Last Updated:Friday - 09/24/2010
March 13, 2000
No need for private hospitals
The Alberta government's proposal to allow so-called private surgical clinics has been met with widespread consternation. The reticence of the public to accept this innovation is entirely understandable even if not for the reason most commonly stated.
Many fear that these clinics will lead directly and inexorably to a two-tier medical system. However, the government has pledged to respect the principles of the Canada Health Act and it has stated that all payments to the private hospitals will be made by the medicare system. Private hospitals (that's what they ought to be called) will not be allowed to extra bill patients, charge them directly or allow queue jumping. It's only fair to assume that the government will try to live up to its commitments.
Nor is there any reason to drive all profit-making from the medical system. Many aspects of the medical system are already privatized and a system of fully socialized medicine is not being seriously proposed.
However, we ought to be concerned by further privatization. It is worth recalling that Church groups, primarily orders of Catholic religious women, established the first hospitals in Alberta. They did this to serve the needs of suffering, vulnerable people and they did it efficiently. The nuns provided patient care no matter what the cost - although the cost in early days was more in the form of hours of work than in dollars and cents.
The medical system has changed enormously since those early days but patient care, not financial efficiency, still ought to remain the central value. The government believes patient care will not be jeopardized by further privatization. Perhaps not. But it should at least be aware that the more control passes into private hands, the less is the government's ability to set standards.
There is a line that, if crossed, will make the profitability of private hospitals an equal or higher value than that of the care of at least some patients. When that line is reached, we will have a two-tier medical system, regardless of whether the tiers are established by patients' wealth or some other factor.
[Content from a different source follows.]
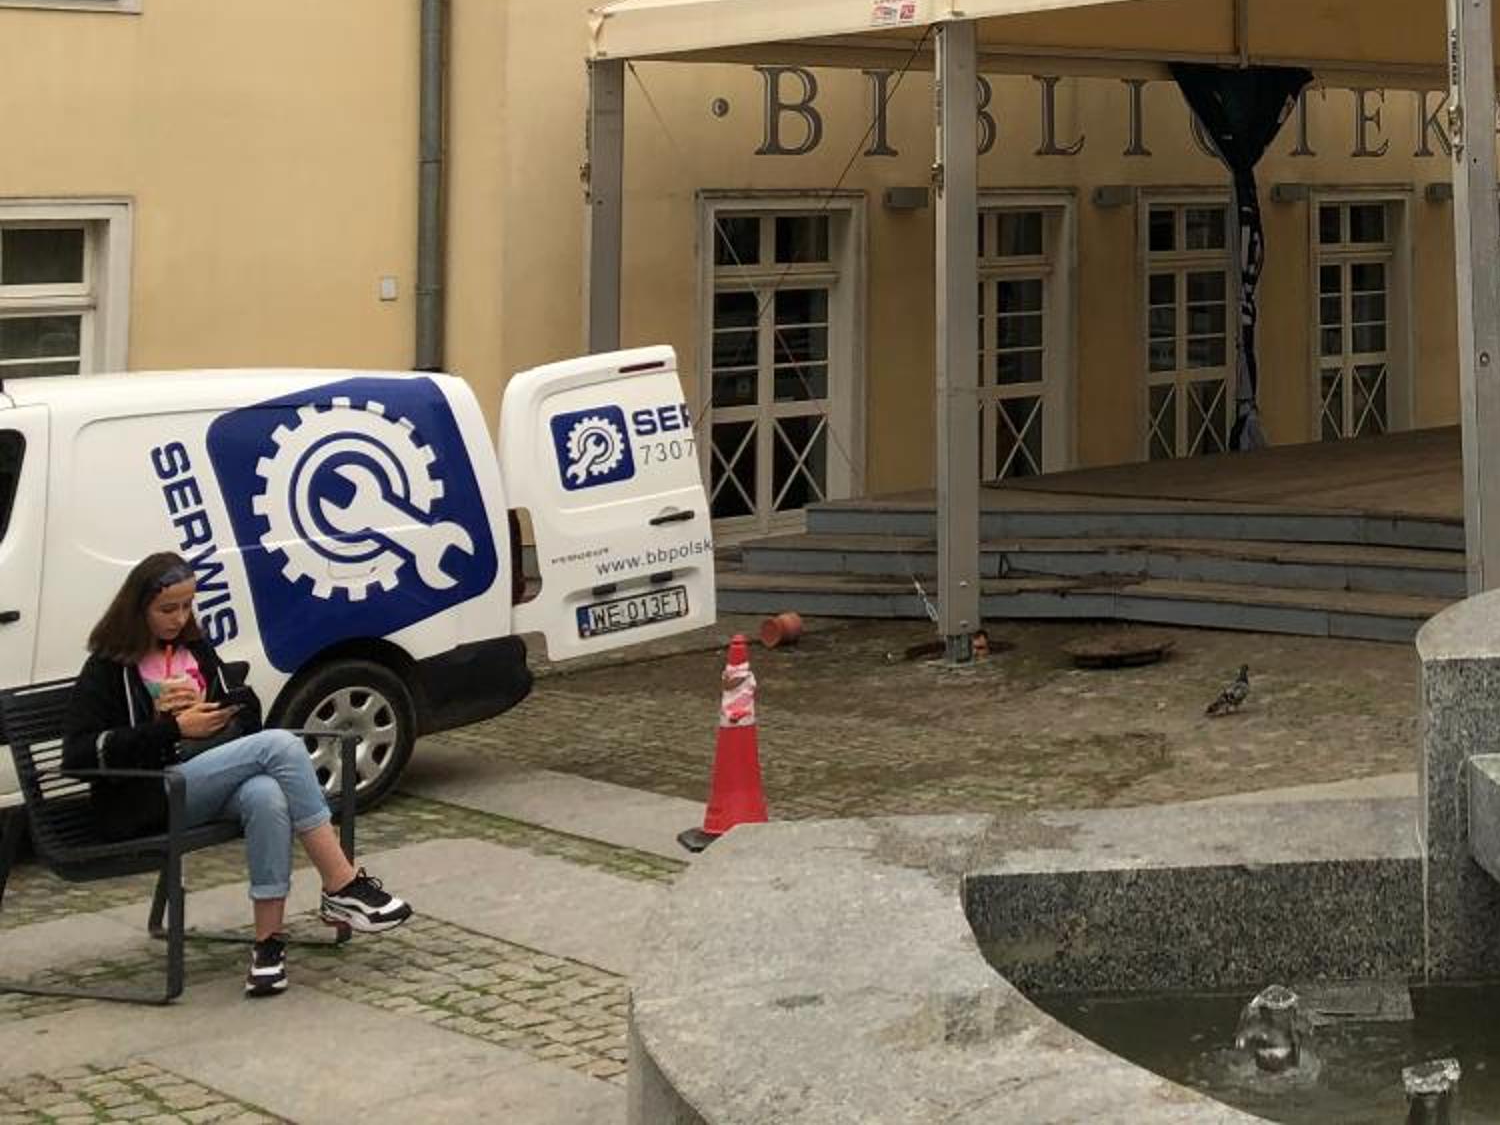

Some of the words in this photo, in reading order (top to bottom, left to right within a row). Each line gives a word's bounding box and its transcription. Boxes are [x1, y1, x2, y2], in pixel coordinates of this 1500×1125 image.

As well, private hospitals are supposed to provide services not readily available through the public system. Yet if the total amount spent on health care does not increase proportionately, then private hospitals can only function to the detriment of public hospitals. It is the lower priority types of surgery that are most likely to be farmed out to private hospitals because it is those where the longest waiting lists are to be found. Funneling money away from the public hospitals to lower-priority surgery at private hospitals will thus be a barrier to the public hospitals doing some of their most important work. Private hospitals may cut waiting lists for hernias, but diminish public hospitals' ability to provide serious surgery.
If waiting lists on lower priority services are the issue then the solution is to provide better funding, not to create a new form of institution.
The treatment of workers in the health system is also a concern. Private hospitals will only be able to make a profit by operating with lower labour costs than public hospitals. It may be that the private hospitals make more efficient use of a smaller number of staff. However, it is likely that the staff at private hospitals will be non-unionized and that efforts will be made to keep unions out.
This raises the issue of whether the government's real agenda is an anti-union one. One can only speculate because the union issue, as obvious as it might be, has received scant public attention.
In that context, the Catholic Church's teaching needs to be reiterated - workers have a right to form unions and, whether they are unionized or not, they have a right to decent pay and working conditions. We may not agree with all strikes and all tactics of unions, but our Church has a clear teaching respecting workers' right to bargain collectively for their mutual benefit.
The government's goal of trying to run an efficient health care system is a laudable one. But it is hard to see how private hospitals will achieve that goal without creating larger problems. Alberta has a good health care system. The government should not throw out the baby with the bath water.